Adaptive Dual-Teacher Distillation with Subnetwork Rectification for Bridging Semantic Gaps in Black-Box Domain Adaptation
Zhe Zhang, Jing Li, Wanli Xue, Xu Cheng, Jianhua Zhang, Qinghua Hu, Shengyong Chen

TL;DR
This paper introduces DDSR, a novel framework for black-box domain adaptation that effectively combines black-box model predictions with vision-language models to improve semantic alignment and adaptation performance.
Contribution
DDSR explicitly reconciles black-box model predictions with vision-language priors using adaptive fusion, subnetwork regularization, and iterative refinement, advancing black-box domain adaptation.
Findings
DDSR outperforms existing methods on multiple benchmarks.
The framework effectively integrates predictions from black-box models and ViLs.
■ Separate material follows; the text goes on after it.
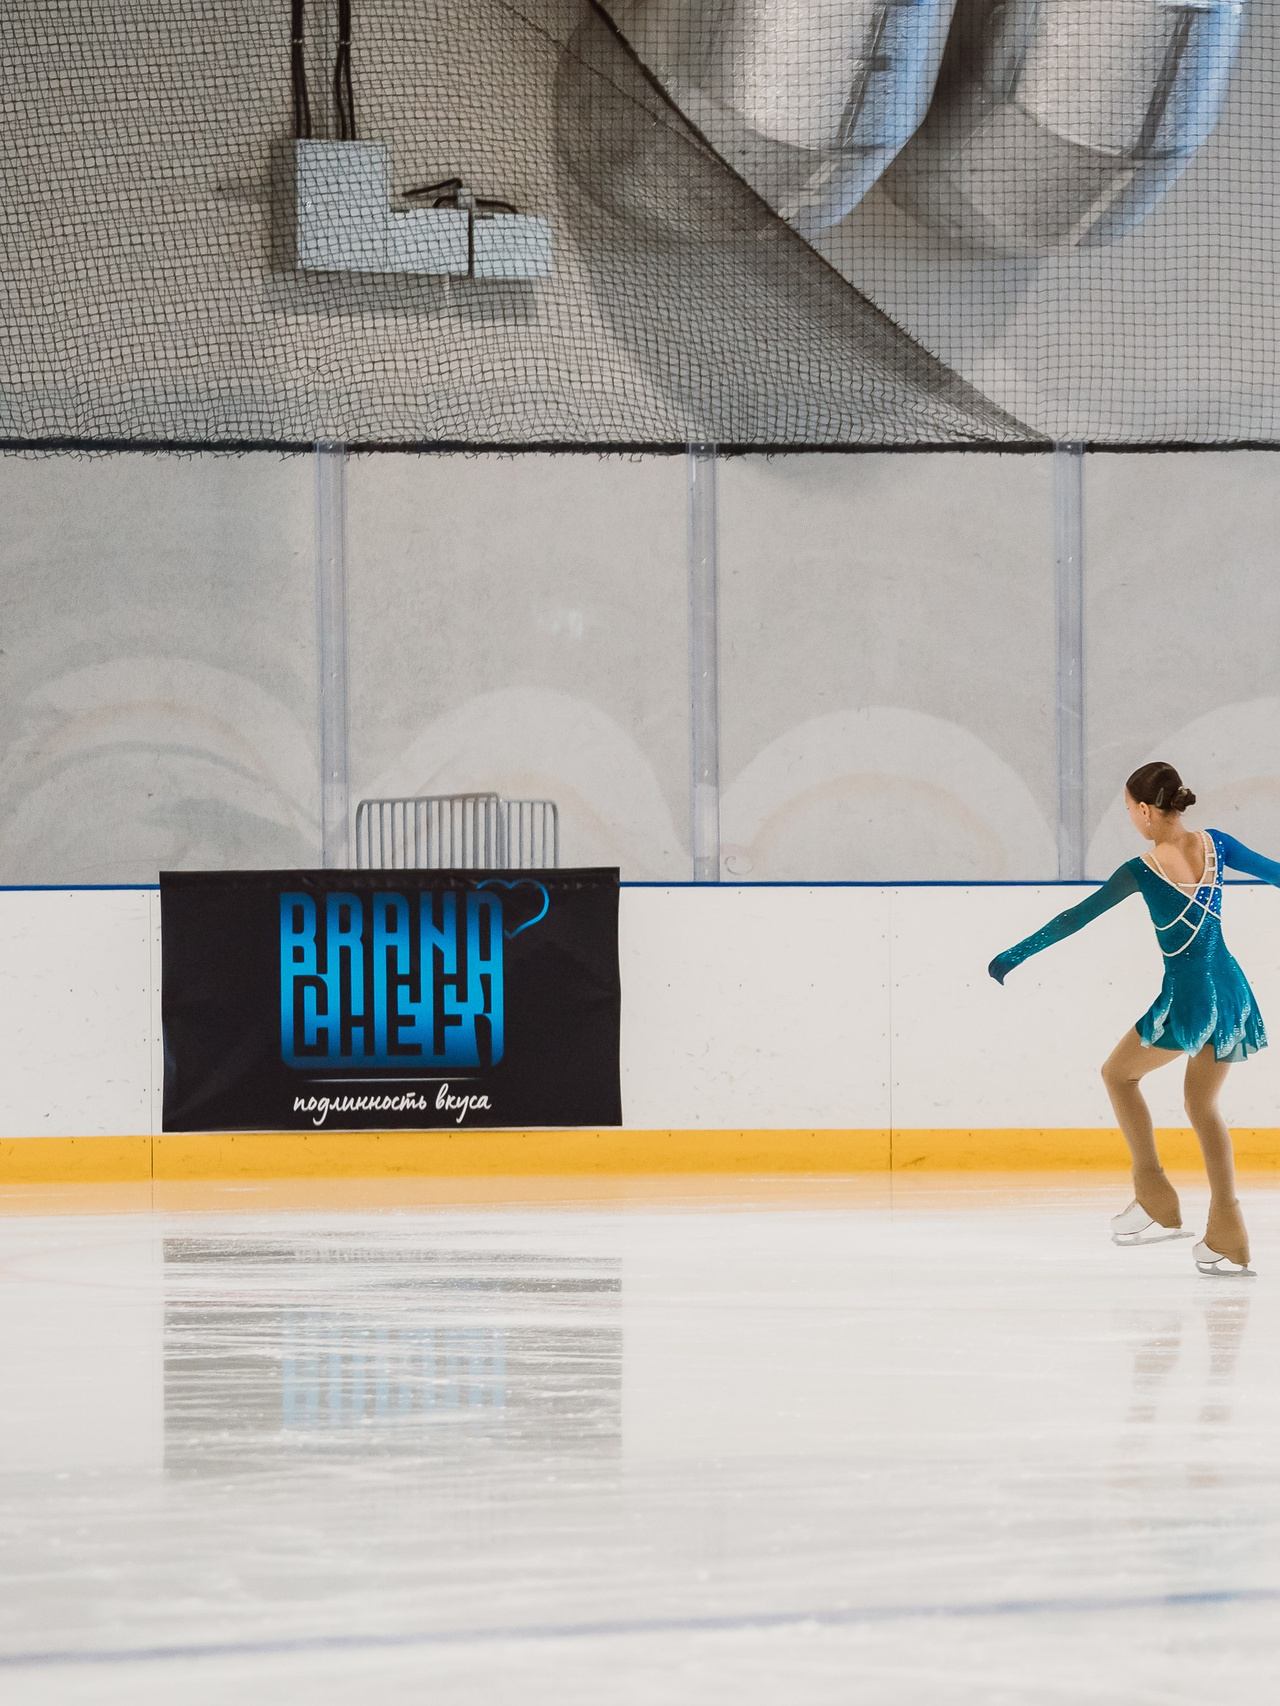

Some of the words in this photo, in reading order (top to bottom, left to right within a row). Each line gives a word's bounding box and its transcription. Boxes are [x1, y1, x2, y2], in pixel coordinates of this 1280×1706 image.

[280, 891, 503, 976] BRAND
[293, 1091, 428, 1126] подлинность
[435, 1083, 492, 1124] вкуса
Iterative refinement improves pseudo-label quality and semantic alignment.
Abstract
Assuming that neither source data nor source model parameters are accessible, black-box domain adaptation (BBDA) represents a highly practical yet challenging setting, where transferable knowledge is limited to the predictions of a black-box source model. Existing approaches exploit such knowledge via pseudo-label refinement or by leveraging vision-language models (ViLs), but they often fail to reconcile the inherent discrepancy between task-specific knowledge from black-box models and language-aligned semantic priors of ViLs, resulting in suboptimal integration and degraded adaptation performance. To address this challenge, we propose adaptive Dual-Teacher Distillation with Subnetwork Rectification (DDSR), a framework that explicitly reconciles these complementary yet inconsistent knowledge sources. DDSR employs an adaptive prediction fusion strategy to integrate predictions from the…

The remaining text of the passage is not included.